Blues alums return

Phil Wiggins and Corey Harris to perform at 15th annual festival

May 29, 2010|By TIFFANY ARNOLD
  • Phil Wiggins will make his fourth appearance at the Western Maryland Blues Fest on Sunday, June 6.
Photo by Terry Poffenbaugh,

Most music fans know Phil Wiggins as half of the blues duo Cephas & Wiggins.

But with death of his long-time friend and stage partner John Cephas, Wiggins is now beginning the next chapter in his musical career.

Wiggins, 56, of Takoma Park, Md., will perform at the 15th annual Western Maryland Blues Fest on Sunday - his fourth performance at Hagerstown's music festival.

The Blues Fest kicks off Thursday, June 3, with a free blues prelude concert at University Plaza Park downtown and continues through Sunday with a free show at Hagerstown's City Park.

Wiggins and Corey Harris will also conduct a workshop at 1 p.m. Sunday, June 6, at the Washington County Museum of Fine Arts in City Park.


But this time, the harmonica player will be joined by guitar player and fellow Blues Fest alum Harris.

"That's the exciting thing about the transition," Wiggins said. "I have the opportunity to experiment."

Cephas & Wiggins performed at the Blues Fest in 1996, 1998 and 2005. Critics and music writers lauded Cephas & Wiggins as luminaries of Piedmont blues tradition. The Piedmont stretches from central Virginia and continues south to parts of northern Georgia. The technique is characterized by alternating thumb and finger-picking style, Cephas said in a 2003 Herald-Mail article.

But for Cephas & Wiggins, more than 30 years of making music came to an end.

Cephas died on March 4, 2009.

"You know, it's a huge transition, the whole grieving process.

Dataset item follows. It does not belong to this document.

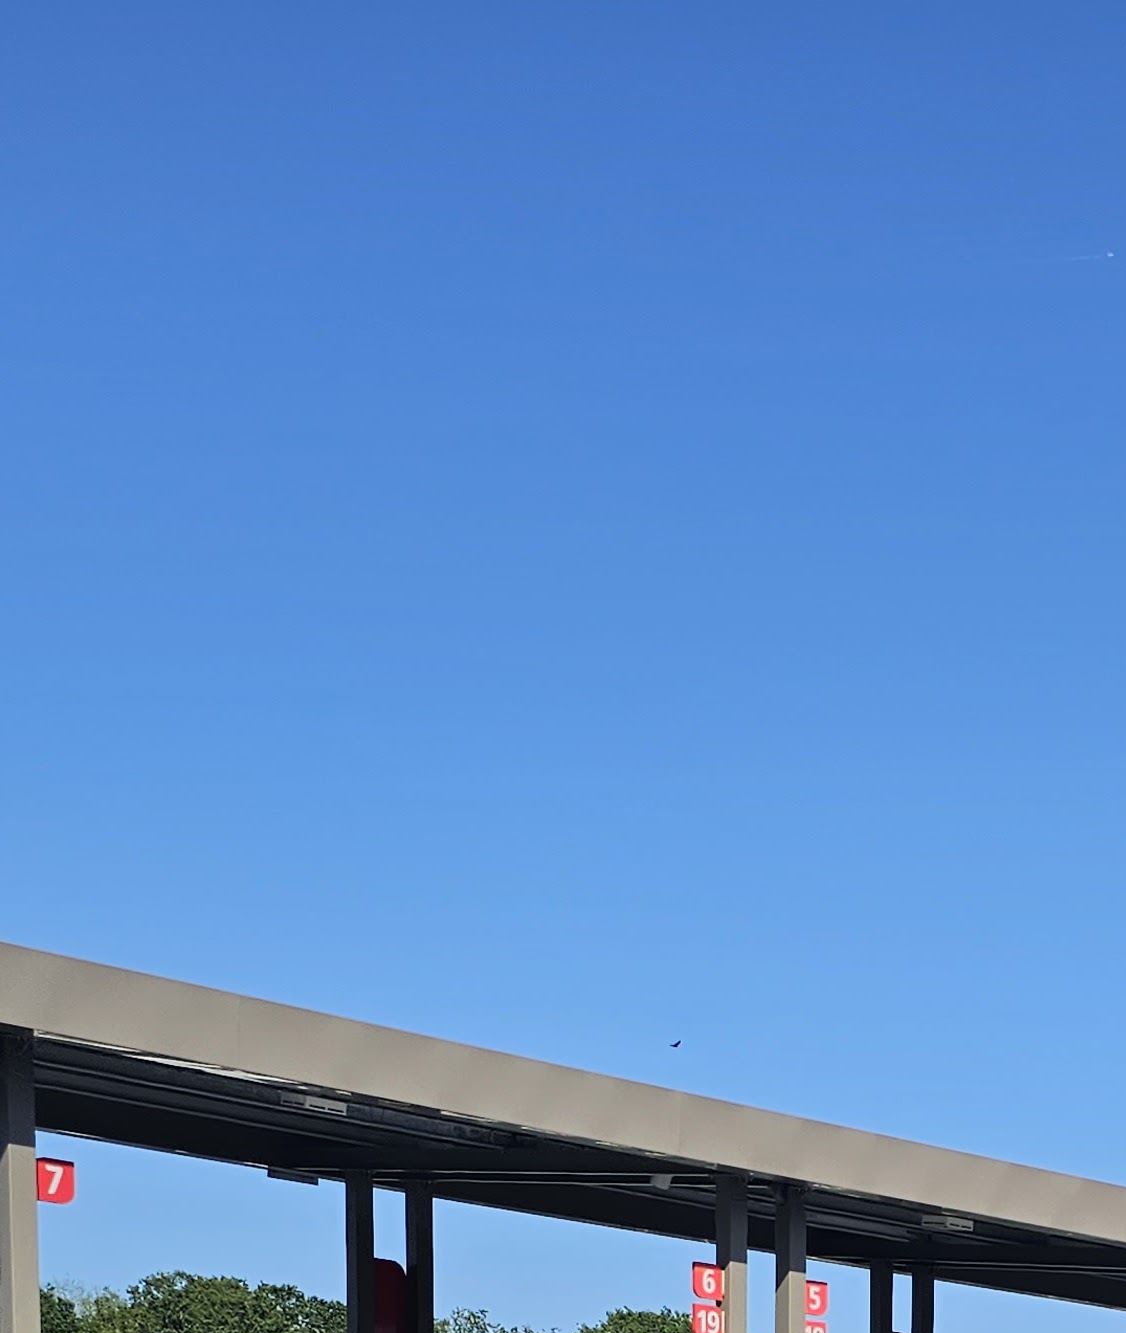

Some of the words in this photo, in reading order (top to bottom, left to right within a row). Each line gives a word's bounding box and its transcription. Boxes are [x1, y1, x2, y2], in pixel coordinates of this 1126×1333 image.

[45, 1163, 64, 1195] 7
[702, 1269, 716, 1294] 6
[808, 1285, 821, 1311] 5

I'm realizing it seems to go in cycles," Wiggins said. "John is a huge musician and an incredible influence on my life. I don't know that replacing him will be possible."

Falling in love with blues

Wiggins grew up near Washington, D.C., but his family spent the summers in Alabama at the home of his grandmother, the late Effie Carter.

Carter was a very religious woman, Wiggins said, and lived three doors down from the Baptist church she attended. He walked his grandmother to her Wednesday night prayer meetings - it was after dark and she didn't want to be alone.

He was a boy at the time, about 10 years old. He hung around the church, listening to the elderly women attendees sing what he described as deep hymns or prayers of praise, falling into a pattern of call and response as they sang.

"In terms of what I was hearing, aside from the words of the song, it was really pretty much a pure blues kind of sound," Wiggins said, "and I really kind of suspected that's how I fell in love with the sound of the blues - listening to those women sing a capella. It was really deep and it transported me."

Why Wiggins plays the harp

Wiggins had toy harmonicas growing up. By age 12, he started saxophone lessons, but he didn't continue. He grew up in a military family, which meant he had to move often. A school he attended in Northern Virginia didn't have a music program, so he had to give up the sax.

"That's when I had to go out and buy the harmonica because at the time it was cheap and I could afford one with the money I made on my paper route," Wiggins said.

His first blues harp cost $5.

The turning point

Wiggins said he developed an appetite for the harmonica by jamming with the steady stream of neighborhood musicians who came to his house hoping to play with his brother, Skip, who played electric guitar.

But it was an experience playing with a blind street musician that changed his life.

Flora Molton was a sanctified minister and street musician who played in the streets of Washington, D.C. Wiggins recalled her playing guitar downtown. She kept rhythm with a tambourine on her foot and kept a cup on the edge of her guitar for change.

She'd minister to people on the street. Wiggins and a friend wanted to get her recorded.

"She had a voice that could cut through the noise of city traffic like a razor blade," Wiggins said. "That kind of music that completely connects to your heart and also involves a lot of improvisation where you're witnessing something new being created on the spot."

Wiggins and Molton jammed together some. Then Molton invited Wiggins to perform with her at the Smithsonian Folklife Festival - the biggest audience he'd ever faced at that point.

"I'm on the mall during that festival and I do think that is what made me turn the corner and made me take this seriously," Wiggins said.

Cephas & Wiggins

Wiggins said he met Cephas at a Smithsonian Folklife Festival a few years after he and Molton had played together. At the time, Cephas was performing with Wilbert "Big Chief" Ellis' Barrelhouse Rockers. Cephas and Wiggins met during a jam session and eventually Wiggins was invited to join the Barrelhouse Rockers. He played with them for nearly two years until Ellis' death.

Then, Cephas tapped Wiggins to perform with him, starting a decades-long blues partnership. Wiggins said Cephas decided to stop performing due to illness.

He died of natural causes at age 78.

The last album they recorded together was "Richmond Blues" off the Smithsonian Folkways label in 2008.